Since 1970, the likelihood of a wildfire occurring has increased 400 percent. Wildfires are more likely to occur out west, where they are also more likely to burn for longer, causing more damage.
In 2018, there were a total of 55,911 wildfires, according to the National Interagency Fire Center.
Roughly 8.6 million acres were burned in 2018.
In 2018, California suffered $400 billion in damage.
In 2018, The California Fire Department spent $1 billion to fight wildfires.
The top 5 states at risk for Wildfires:
1. California is the most-prone to a wildfire, with over 2,044,800 households at risk.
Tech Tools to Fight Wildfires
As climate deniers rage on, technology prevails. As technology advances, our chances of early detection and safer firefighting increase. Here are a few ways technology helps eliminate wildfires:
Drones: Drones can be equipped with specific features, such as thermal imaging, which allows a drone to fly into an area that may be too risky for humans. Drones can cover more area, quicker than humans can. Not to mention, replacing a human life with a drone removes a ton of risk. Without physically being present, Fire Services can monitor a wildfire from afar.
Satellite: Satellites can be used in combination with drones to monitor wild-lands. Satellites allow the monitoring capability, which helps fire fighters to be deployed sooner, giving them a better chance at successfully fighting the flames.
Robots: Meet Thermite, a firefighting robot invented by a company called Howe and Howe, based out of Maine. Wildfires are known to be difficult to fight due to the weather conditions that brew these fires. High temperatures and Westerly-winds make it impossible for firefighters to get near enough to a wildfire to effectively extinguish it. Thermite is a firefighting robot that can handle the temperatures, when humans can’t.
Virtual Reality (VR): The US Forest Service utilizes virtual reality as a training measure to fully-prepare their wild-land firefighters. With full-customization, such as the ability to adjust wind speed or temperature, trainees can prepare to fight flames in a safe, realistic environment. Realistic 3D images create lifelike scenarios.

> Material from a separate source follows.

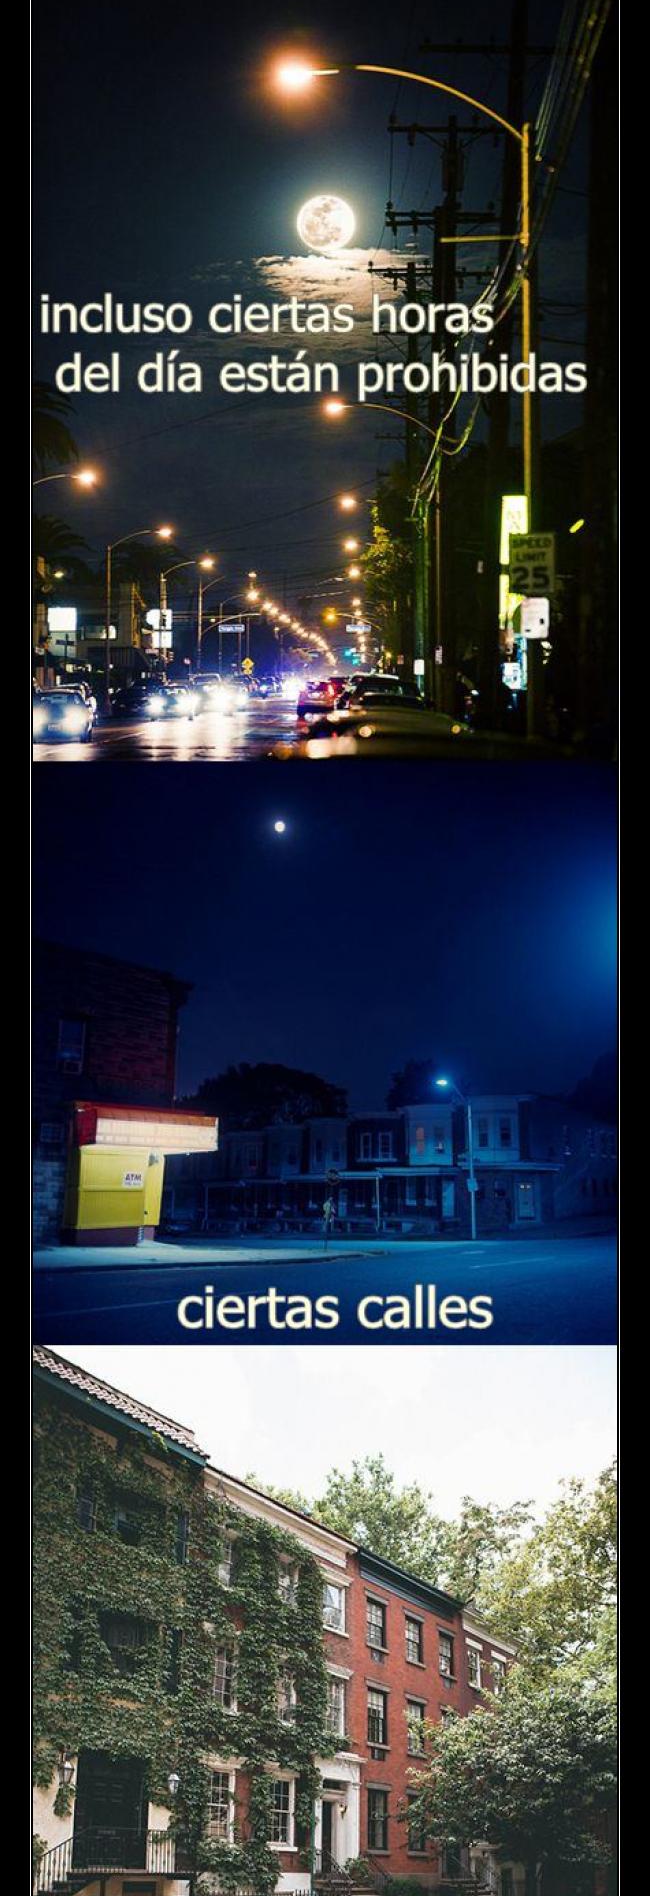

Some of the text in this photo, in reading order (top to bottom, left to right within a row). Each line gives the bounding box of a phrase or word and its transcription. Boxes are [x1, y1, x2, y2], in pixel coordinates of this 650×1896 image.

[511, 536, 552, 549] SPEED
[511, 566, 550, 590] 25
[125, 1173, 142, 1182] ATM

loT: Low-powered Internet powered things. Satellites are used to relay information from sensors that can be placed in areas at risk of a wildfire. The sensors can measure and report back important information, like the measured level of CO2 in the air or an unusually-high temperature (which may indicate flames).
Even with all of these helpful technologies, wildfires still continue to be a massive issue and can never be fully defeated due to a rapidly-changing climate.